Brasil mantiene altas tasas de asesinatos, superiores a 25 muertes por 100.000 habitantes, desde hace quince años y la cifra acumulada desde 1985 es de 1.091.125 homicidios, según un informe divulgado hoy.

La tasa de homicidios saltó de 11,7 por cada 100.000 habitantes en 1980 a 28,9 en 2003, año en el que se registró el máximo de violencia, según el estudio elaborado con datos oficiales por el Instituto Sangari, un ente privado.

Desde entonces se ha producido un leve descenso en los homicidios hasta la tasa de 26,2 muertes por cada 100.000 habitantes registrada en 2010, gracias a la política de desarme emprendida por el Gobierno y a algunos planes regionales que han tenido éxito en la reducción de la violencia.

El documento señala que a partir de 2004 sucedió un cambio en el patrón de la violencia homicida, con un descenso de los asesinatos en las capitales y los grandes conglomerados urbanos y un aumento en las zonas rurales y en estados que antes eran pacíficos.

En 2010 las mayores tasas de homicidios se registraron en los estados de Alagoas (noreste), con 66,8 muertes por cada 100.000 habitantes, Espírito Santo (sureste), con 50,1 homicidios, y Pará (norte), con una tasa de 45,9, mientras que Sao Paulo, la región más poblada y rica del país, este indicador fue de 13,9.

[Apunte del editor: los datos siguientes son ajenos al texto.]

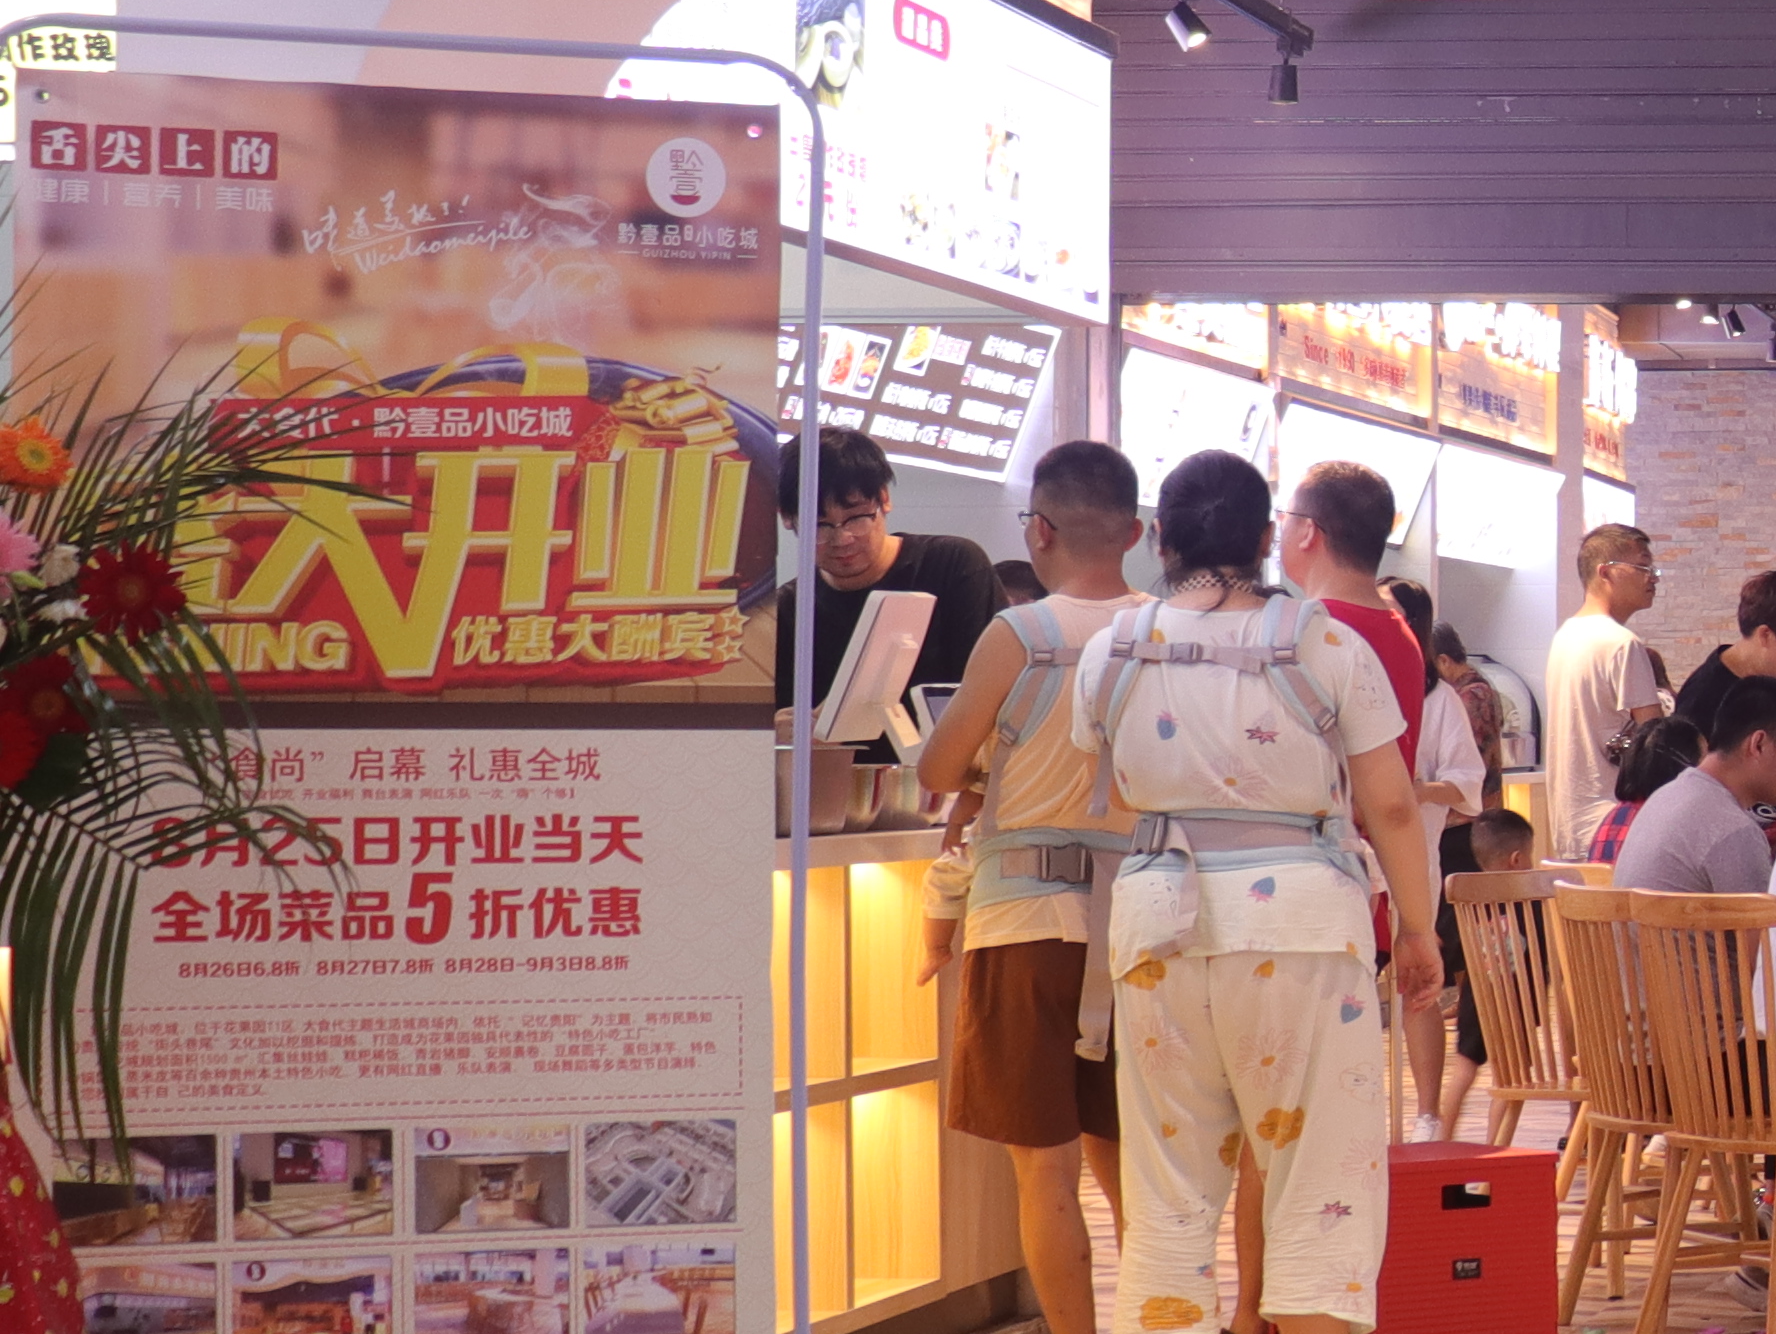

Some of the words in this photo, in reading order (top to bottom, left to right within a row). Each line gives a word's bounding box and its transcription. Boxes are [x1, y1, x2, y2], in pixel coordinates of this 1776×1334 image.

[37, 125, 273, 176] 舌尖上的
[450, 608, 722, 667] 优惠大酬宾
[348, 747, 427, 784] 启幕
[448, 747, 602, 784] 礼惠全城
[151, 815, 644, 869] 8月25日开业当天

De 2004 a 2007 en Brasil se contabilizaron 193.804 homicidios, un número cercano a los 208.349 muertos acumulados en 62 guerras y conflictos armados, incluyendo los de Irak, Sudán, Afganistán, Israel y Palestina o Colombia, según detalló el informe.

Todas las regiones brasileñas mantienen tasas de homicidios que superan las 10 muertes por cada 100.000 habitantes, un nivel que se equipara a la mortandad de una epidemia según la Organización Mundial de la Salud (OMS).